CHAPTER XII

THE UNSPOKEN ACCUSATION

Count Odin had been three days at Melbourne Hall when the Earl returned. For thirty hours he did not recover consciousness; the second day found him restless and but dimly aware of the circumstances of his accident; the third day, however, recorded such an improvement that, as the evening drew on, he sent the maid, Partigan, to my Lady Evelyn begging that she would come to him.

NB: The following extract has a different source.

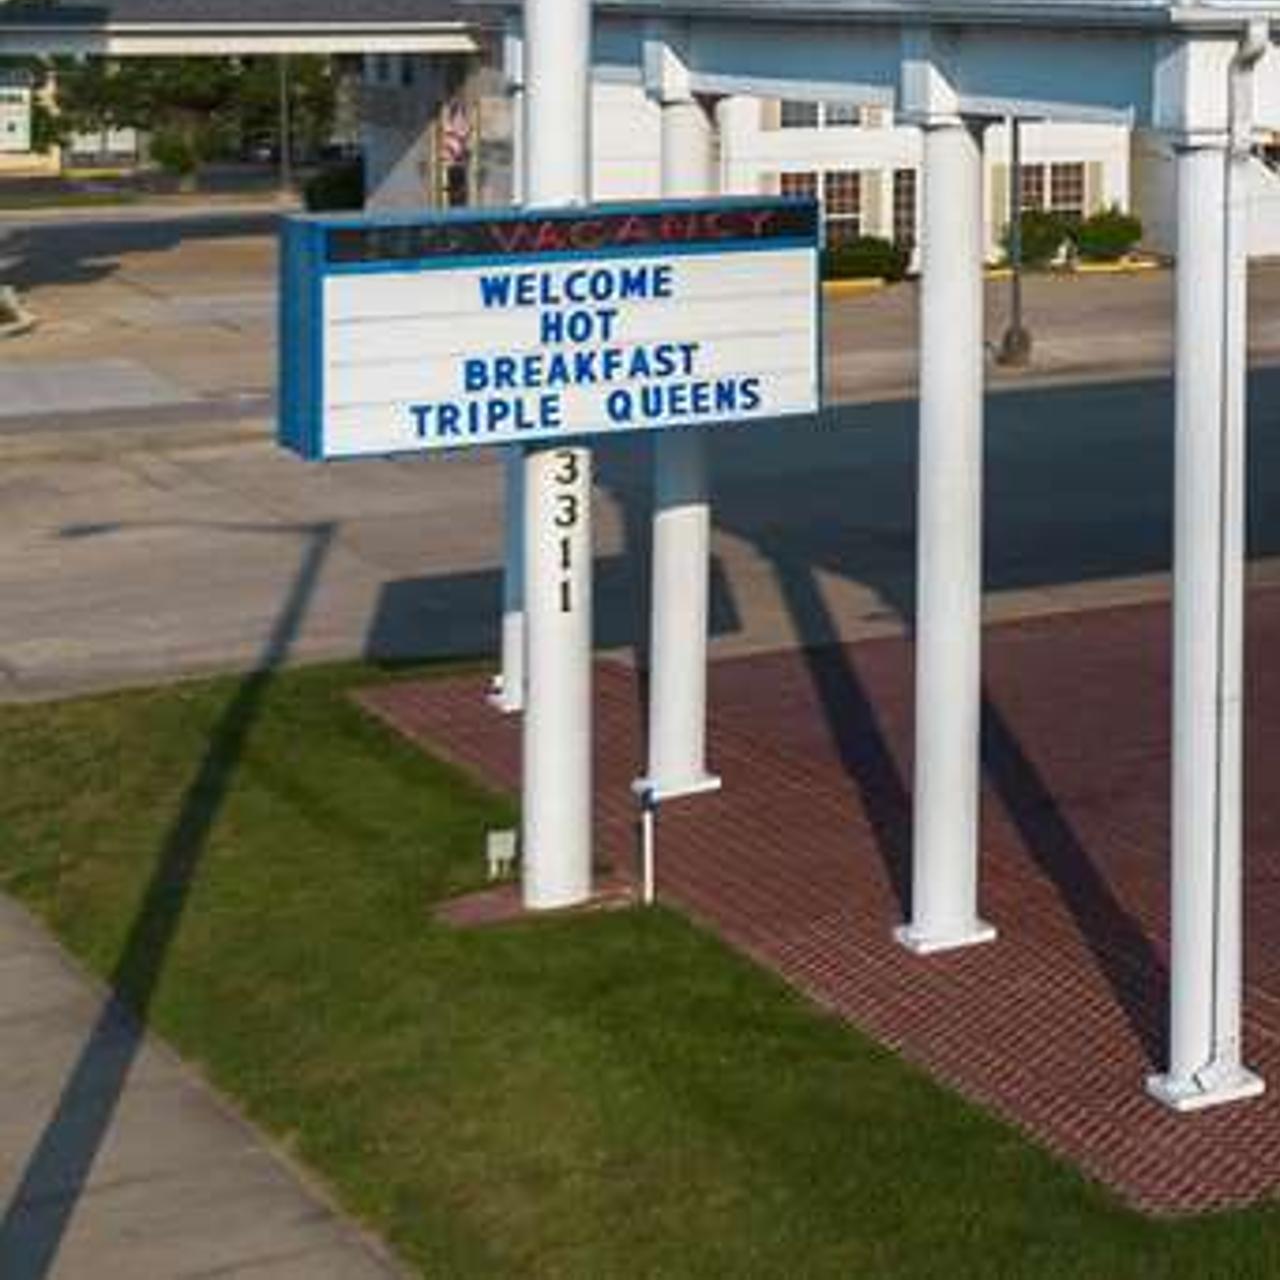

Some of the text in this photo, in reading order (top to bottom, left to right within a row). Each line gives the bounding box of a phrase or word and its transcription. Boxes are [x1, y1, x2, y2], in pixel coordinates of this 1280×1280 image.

There had been wild excitement in the house, to be sure. Tragedy is ever the delight of the servants' hall; nor was it less delightful because memorable days were few at the Manor. History has recorded that Partigan, the maid, shed tears when she heard that the young man upstairs was a foreigner and exceedingly handsome. Mr. Griggs, the butler, felt it necessary to sample divers vintages of wine and to ask repeatedly what the Earl would think of it. The maids whispered together in corners; the grooms discussed the erring horse with straws protruding from the corners of their mouths. To these worthies and to others the daily bulletin, which the shrewd, side-whiskered Dr. Philips delivered each morning as he climbed into his motor-car, became as the tidings of a horse-race or of a royal wedding. Rumor had said that the young Count was dead when they carried him to the house. Dr. Philips declared that he would have him dancing before the month was done.

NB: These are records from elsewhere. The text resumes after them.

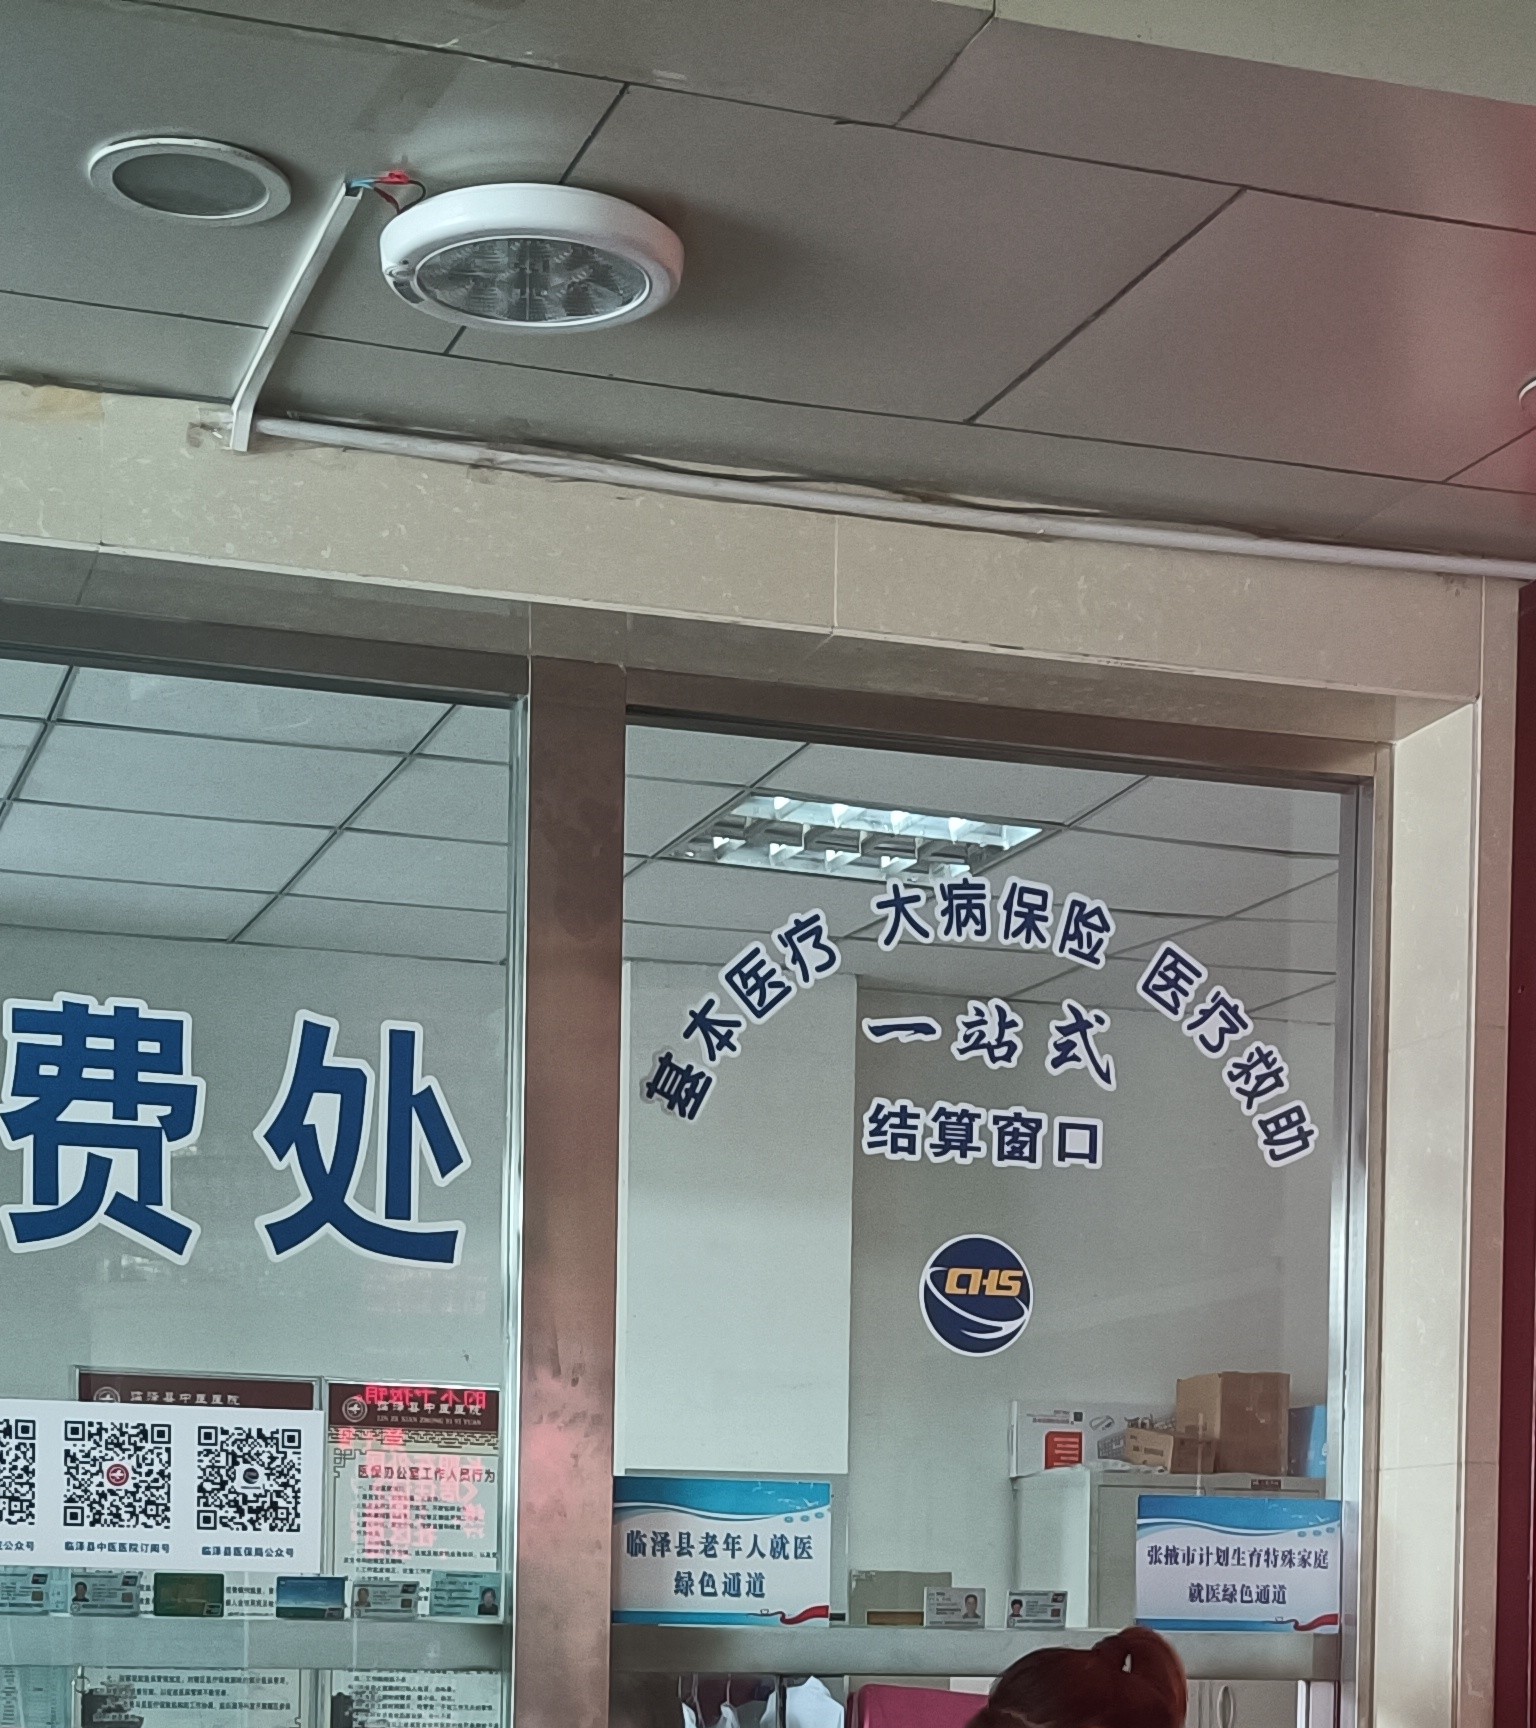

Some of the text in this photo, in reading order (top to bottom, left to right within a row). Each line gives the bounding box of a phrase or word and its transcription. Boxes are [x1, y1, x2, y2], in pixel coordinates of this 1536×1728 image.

[645, 881, 1316, 1163] 基本医疗 大病保险 医疗救助
[864, 1003, 1116, 1089] 一站式
[866, 1104, 1103, 1164] 结算窗口
[945, 1267, 1024, 1298] CHS
[625, 1529, 814, 1560] 临泽县老年人就医
[1147, 1545, 1329, 1570] 张掖市计划生育特殊家庭
[673, 1571, 766, 1598] 绿色通道
[1188, 1583, 1288, 1605] 就医绿色通道

"Fracture, pshaw!" exclaimed that knowing practitioner; "they might tell you that in Harley Street, but in Derbyshire we know better. He has a skull as thick as a water-butt. Con-cuss-ion, sir, that is the matter. You may tell her ladyship so with my compliments. Con-cuss-ion is what Dr. Philips says, and if there is anyone who disputes his word, he'd like to see the man."

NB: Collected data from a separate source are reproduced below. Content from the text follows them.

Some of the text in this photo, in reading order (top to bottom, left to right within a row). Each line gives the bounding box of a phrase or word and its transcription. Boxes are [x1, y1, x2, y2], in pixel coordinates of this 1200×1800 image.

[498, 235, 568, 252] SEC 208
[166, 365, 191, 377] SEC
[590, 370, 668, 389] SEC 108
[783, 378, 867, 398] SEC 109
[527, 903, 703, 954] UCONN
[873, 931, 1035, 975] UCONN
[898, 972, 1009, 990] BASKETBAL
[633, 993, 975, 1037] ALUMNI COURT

They carried the news to Evelyn, who had scarcely left her room since this amazing adventure befell her. A brief account of the accident obtained from the lips of young Felix Horowitz, Count Odin's friend, narrated the simple circumstance that they had been driving from Moretown to Melbourne Hall and had collided upon the way with a hay-cart, whose driver, as the drivers of hay-carts so frequently will, had been taking his siesta during the heat of the day. Thrown from the box into the gutter, the coachman dislocated his shoulder and had many bruises to show; while his horse, terrified at the absence of control, instantly bolted in one of those blind panics which may overtake even the most docile of animals.

Such a story Felix Horowitz had told, but more he could not tell. Evelyn's anxious question as to the purport of Count Odin's visit remained unanswered. It was possible, the youth said, that the Count drove out to see Lord Melbourne. "But I should not be surprised," he added naïvely, "if there were a better reason which you must not expect me to confess."

She was afraid to press the point, nor dare she, at present, invite the confidence of one who was so great a stranger to her. Sooner or later it would be necessary to abase herself before this man who had thrust himself unluckily into her life and made such quick use of his advantages. Evelyn perceived immediately that she must go to Count Odin and say, "My father does not know that I am Etta Romney. Please do not tell him." And this was far from being the whole penalty of the accident. A glimmer of the truth could come to her already as a spectre which henceforth must haunt her life. She knew that her father had spent some years in Roumania, and that nothing would induce him to revisit that country wherein he had married Dora d'Istran. In the same breath, she told herself that this man was a Roumanian and acquainted with her father's story.

Had she been entirely honest with herself she would have gone on to admit a certain fascination in the mystery which she could neither account for nor take arms against. Count Odin was like no other man she had known. She had tried to deceive herself in London with the imagined belief that she never wished to see him again. Many times, however, since she had returned to Derbyshire this very desire would assert itself. She found herself, against her will and reason, covertly hoping that she might hear his story from his own lips. A psychologist would have held that there was a certain affinity between the two, and that she had become the victim of it unconsciously. Her fear was of a splendid fascination she had become aware of and could not resist. She imagined that she would obey this man if he commanded her, despite her resolute will and almost eccentric originality. And this she feared even more than her own secret.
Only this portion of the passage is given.